Problem details >> Images are to be left out when the records below are printed word for word.

Input material >>
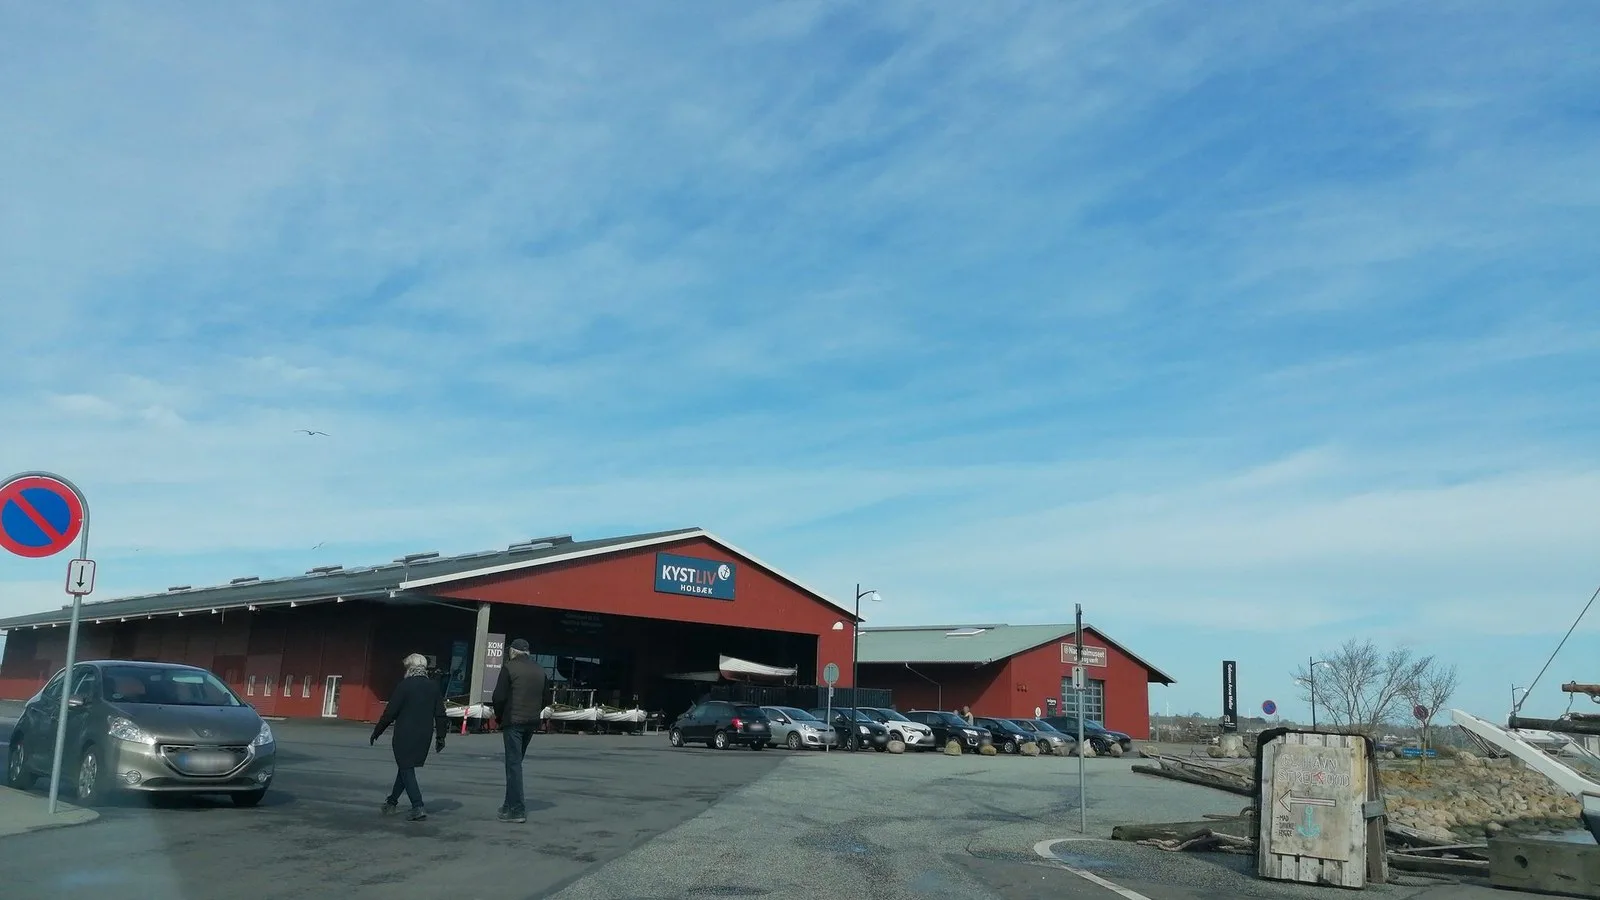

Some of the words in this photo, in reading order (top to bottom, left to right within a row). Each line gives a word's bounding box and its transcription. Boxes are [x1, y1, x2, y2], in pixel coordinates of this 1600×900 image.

[662, 564, 717, 586] KYSTLIV
[680, 584, 713, 595] HOLBÆK
[487, 641, 503, 649] KOM
[487, 648, 503, 657] IND
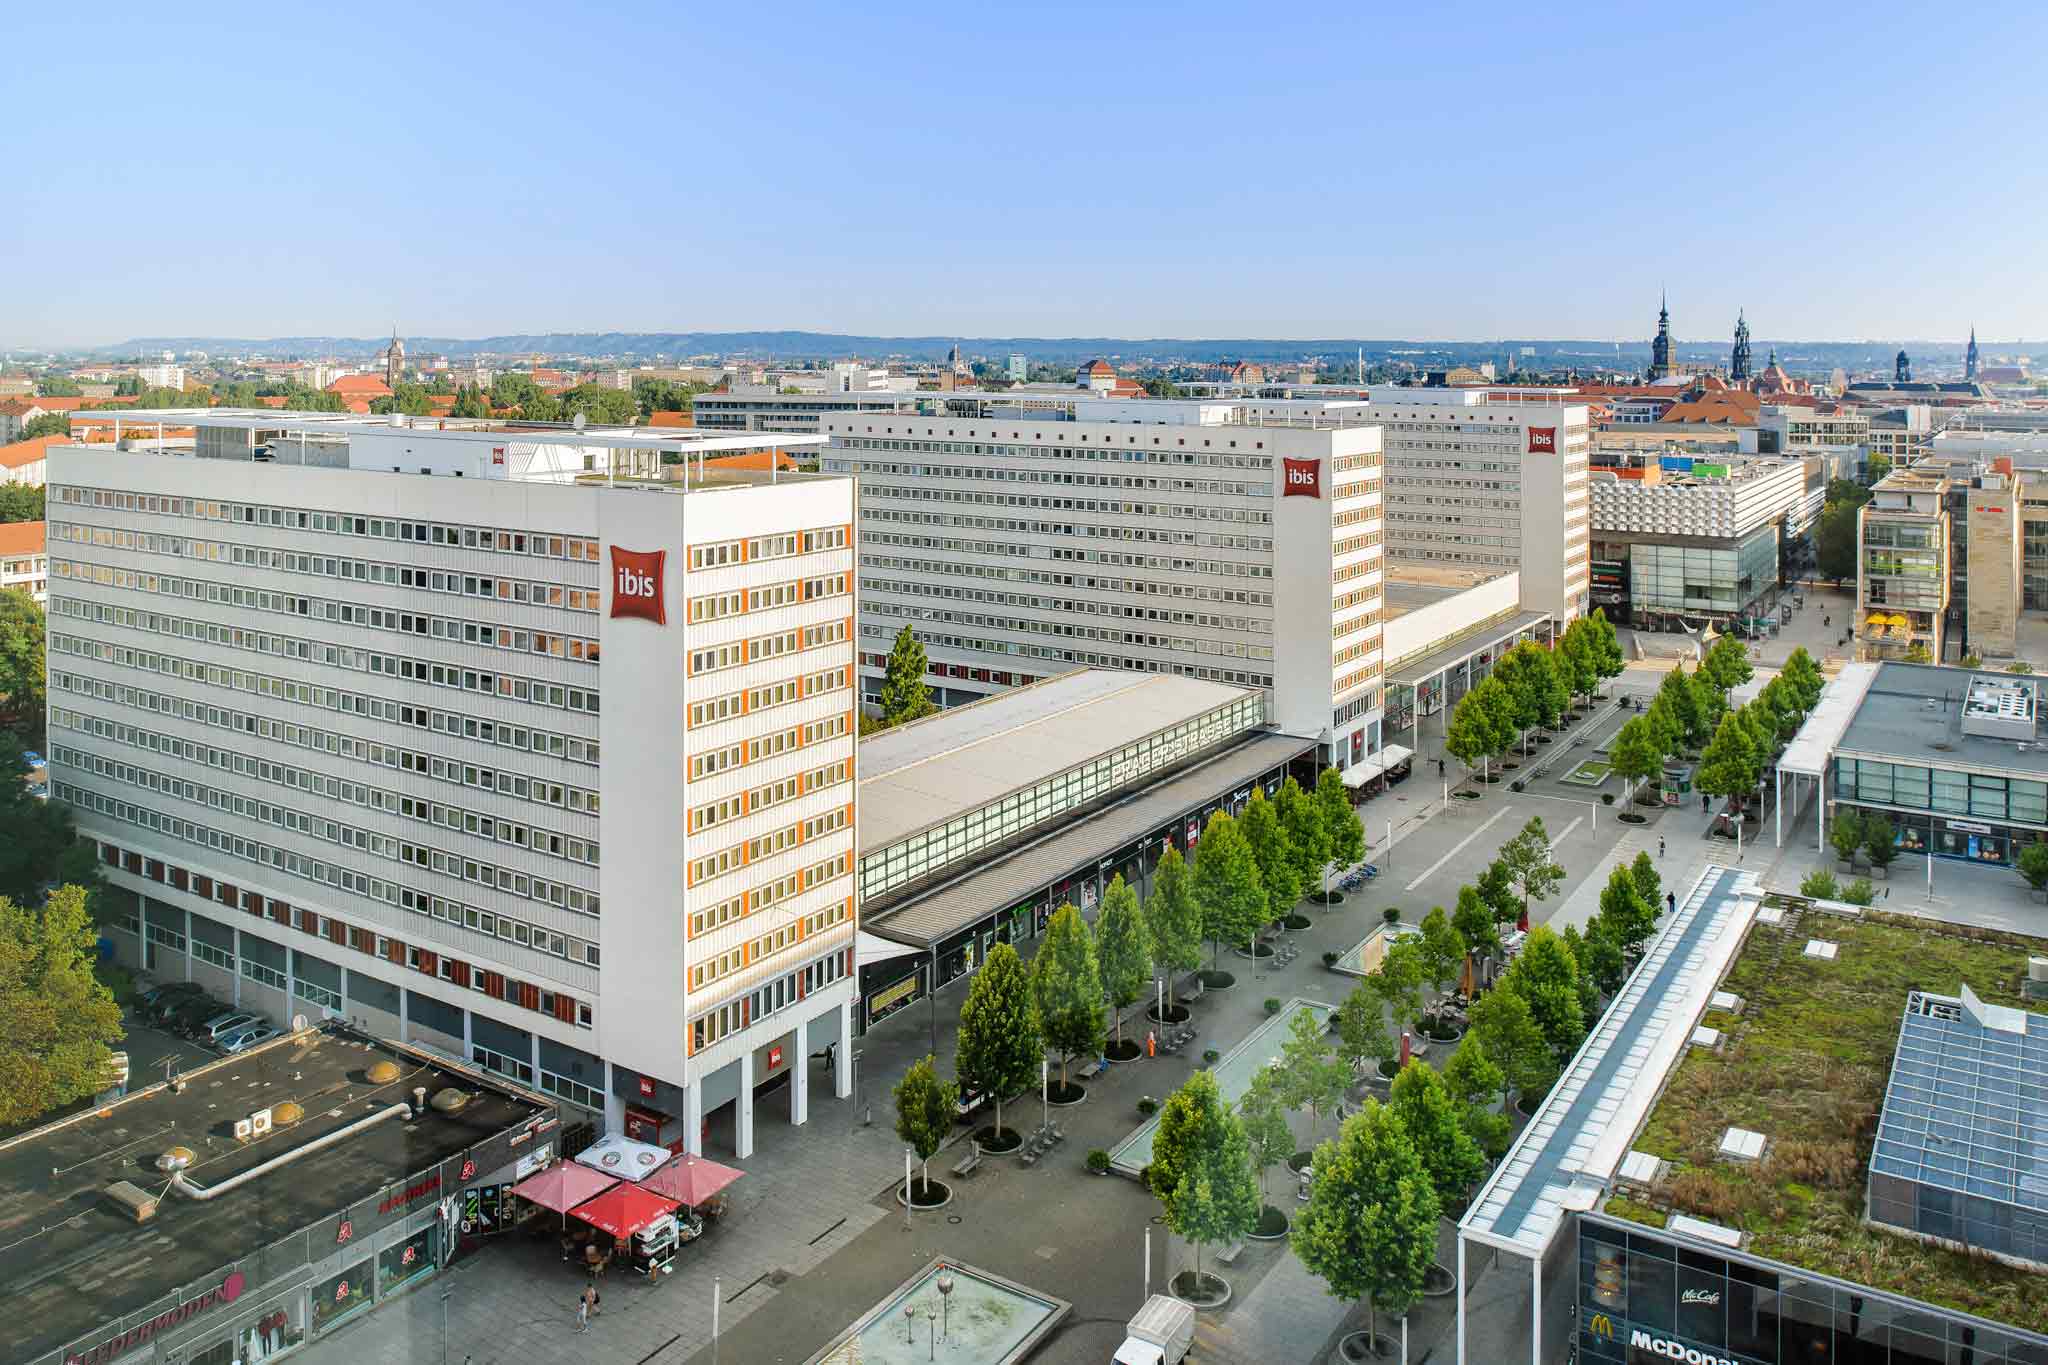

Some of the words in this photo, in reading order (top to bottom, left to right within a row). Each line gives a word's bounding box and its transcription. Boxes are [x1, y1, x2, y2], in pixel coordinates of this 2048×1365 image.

Finished exercise >>
Some of the words in this photo, in reading order (top to bottom, left to right within a row). Each line gives a word's bounding box and its transcription. Boxes are [x1, y1, x2, y2], in pixel coordinates of this 1600×900 image.

[662, 564, 717, 586] KYSTLIV
[680, 584, 713, 595] HOLBÆK
[487, 641, 503, 649] KOM
[487, 648, 503, 657] IND

Some of the words in this photo, in reading order (top to bottom, left to right within a row). Each line gives a word's bounding box and its transcription. Boxes are [x1, y1, x2, y2], in pixel coordinates of this 2048×1365 image.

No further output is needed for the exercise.